Nico Verhoeven woonde al eerder dan Reve in Groenterp. Zonder Verhoeven was Reve ook nooit in Friesland terechtgekomen, want door hem kwam Reve erachter dat er een huisje leegstond aan de Dorpswei. Nop Maas vermeldt in zijn biografie dat Reve daarop geattendeerd werd door Annet van Battum, de kinderboekenschrijfster die in Nader tot U de ‘Olifantjesschrijfster’ wordt genoemd. Die informatie is in strijd met wat Judith Boer – de partner van Nico Verhoeven – ooit voor de camera van Omrop Fryslân vertelde. Volgens haar zou Verhoeven Reve zelf op de leegstaande woning hebben gewezen. Hoe dan ook, Reve en Verhoeven kenden elkaar al heel lang. Eind jaren veertig kwamen ze samen al over de vloer bij Coos Frieling die een literaire salon had in de Valeriusstraat in Amsterdam, waar destijds jonge schrijvers, dichters en kunstenaars elkaar ontmoetten.
Verhoeven is een beetje een vergeten dichter en dat is niet helemaal terecht. Hij heeft een aantal hele mooie gedichten geschreven. Zo was hij redacteur van het tijdschrift Het Woord, dat in 1945 werd opgericht en waar Koos Schuur de scepter zwaaide en ook dichters als Gerard den Brabander – een vriend van Verhoeven – Jan Elburg, Bert Voeten Hans Redeker en Bert Schierbeek publiceerden. Ook in Friesland heeft Verhoeven zich met allerlei zaken bemoeid.
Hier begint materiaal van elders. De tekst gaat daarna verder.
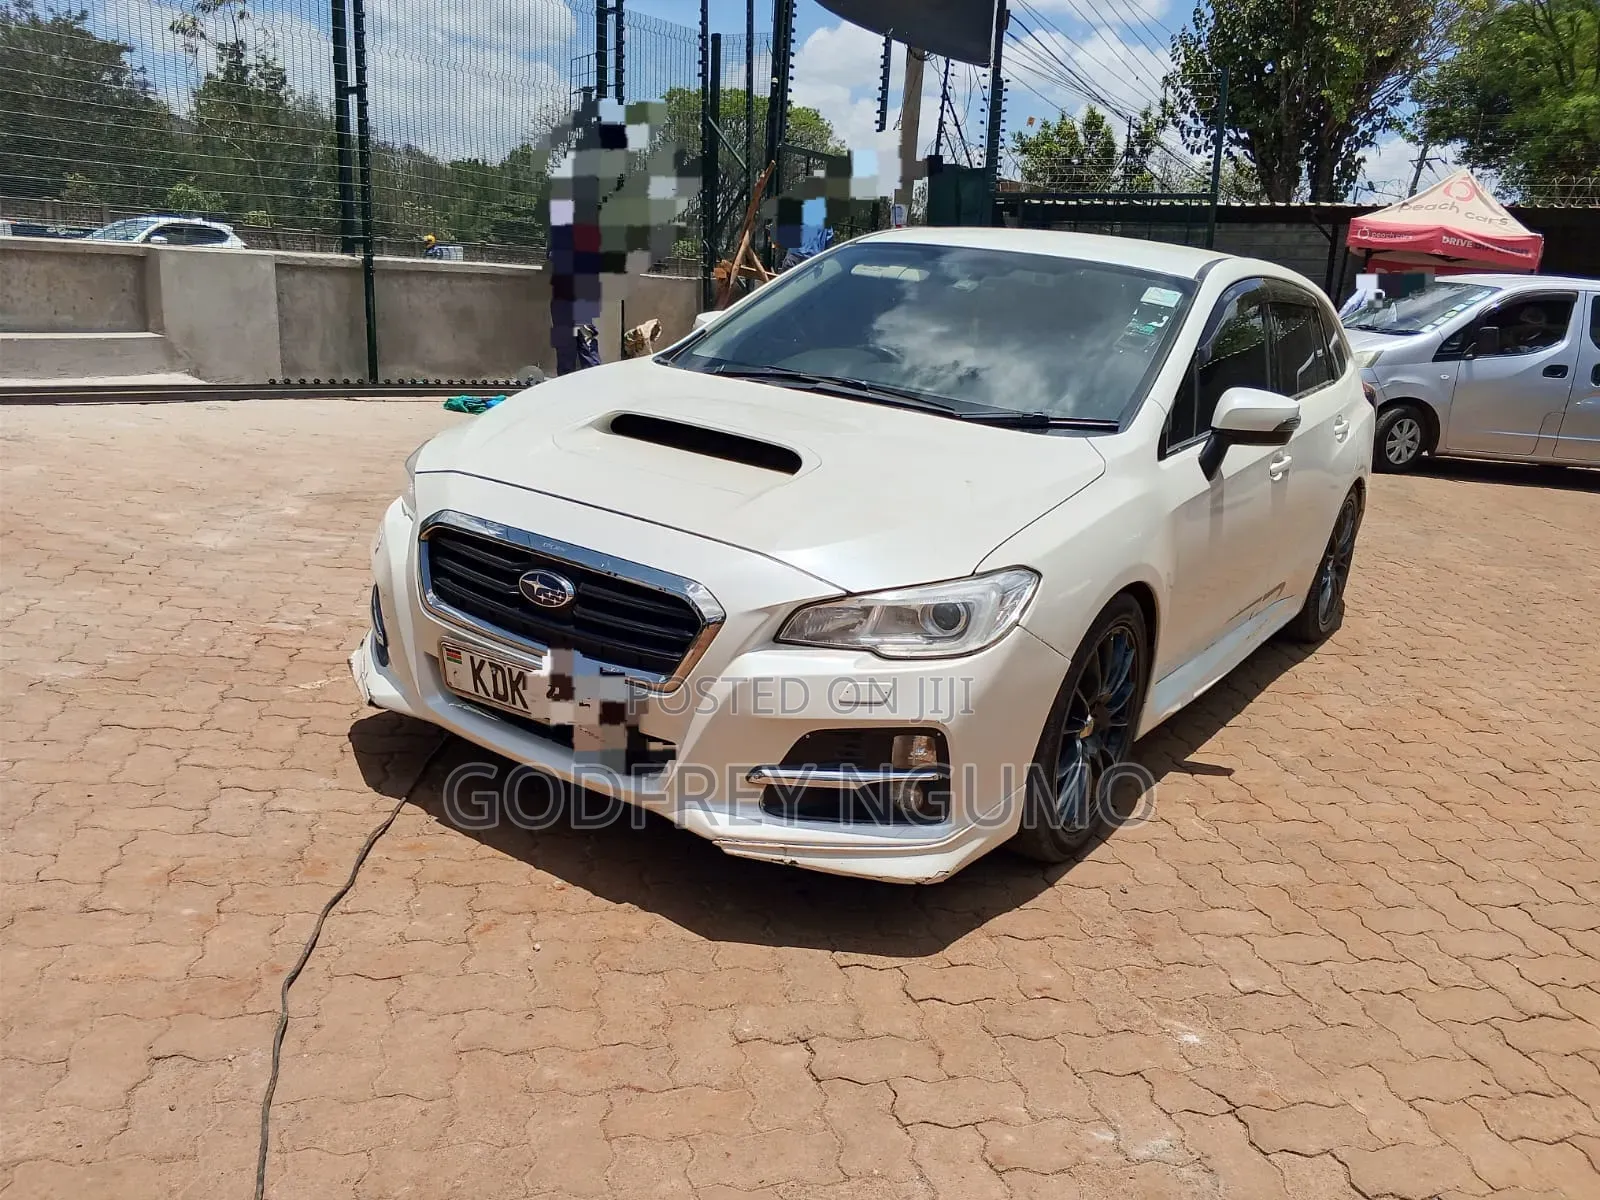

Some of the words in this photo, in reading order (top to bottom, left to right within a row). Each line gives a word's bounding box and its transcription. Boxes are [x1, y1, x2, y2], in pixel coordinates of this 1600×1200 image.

[1398, 201, 1460, 215] peach
[1464, 211, 1510, 227] cars
[1441, 236, 1473, 248] DRIVE
[469, 655, 529, 710] KDK
Hij zat in een landelijke adviescommissie voor Friese literatuur, gaf lezingen en sprak op congressen. In 1966 kreeg hij een relatie met Judith Boer die tot zijn door heeft geduurd. Dat bracht hem ook weer aan het schrijven en later ook aan het tekenen.
Samen vervaardigden zij combinaties van pentekeningen en poëzie, die ‘Printoezie’ werden genoemd. Daarmee exposeerden zij onder meer in Galerie het Tempeltje in Leeuwarden en later in Galerie Noard in Workum, In de kunstcollectie van de Provincie is nog werk van hen te vinden, als dit inmiddels niet is afgestoten. In 2004 publiceerde Abe de Vries een artikel over Verhoeven op het toenmalige internet-tijdschrift Farsk. In de biografie van Nop Maas komt Verhoeven er een beetje karig van af. Er is niet meer over hem te lezen dan al in de boeken van Reve te vinden is. Het mooiste gedicht van Verhoeven vind ik De Brokaten mantel. Enkele regels daarvan zijn ook te lezen op zijn grafsteen op het kerkhof van Bolsward.
De brokaten mantel
O de brokaten mantel van uw honger,
geworpen om de naaktheid van mijn vaas. –Zeg aan de grijze kerkuil van mijn ogen
en aan de dorpse honden die mij volgen,
dat ik een vaas ben en alleen wil zijn:Alleen met u die mij hebt overtogen
met de barokke honger naar uw woord
(uw woord verstommelt in kanunnikbanken)
en die mij doodzwijgt als het kristallijn
der naakte vaas in mij zijn eigen stem laat ranken,
zo ruiterlijk haast als-ijsbloemen op een ruit.Eens liep ik helder in de morgen uit.
De vroege voorjaarslucht hing vol muziek van vogels.
De mensen sliepen nog en niemand zag hoe frank
de kimlijn openwoei van zuiver welbehagen
om de geboren dag. Toen trok de moederdauw
op van het jonge land en liet het onbekropen :
Zo ver men turen kon stond heel de wereld open
voor god de zon de zoon die naar zijn zetel klom,
zijn blauwe vloeren mat en zei: ‘Te dezen dage
is deze wereld enkel van nature oud’ –Toen klonken uit het bos de mannelijke slagen
van heldre bijl in hout, van bijl in helder hout.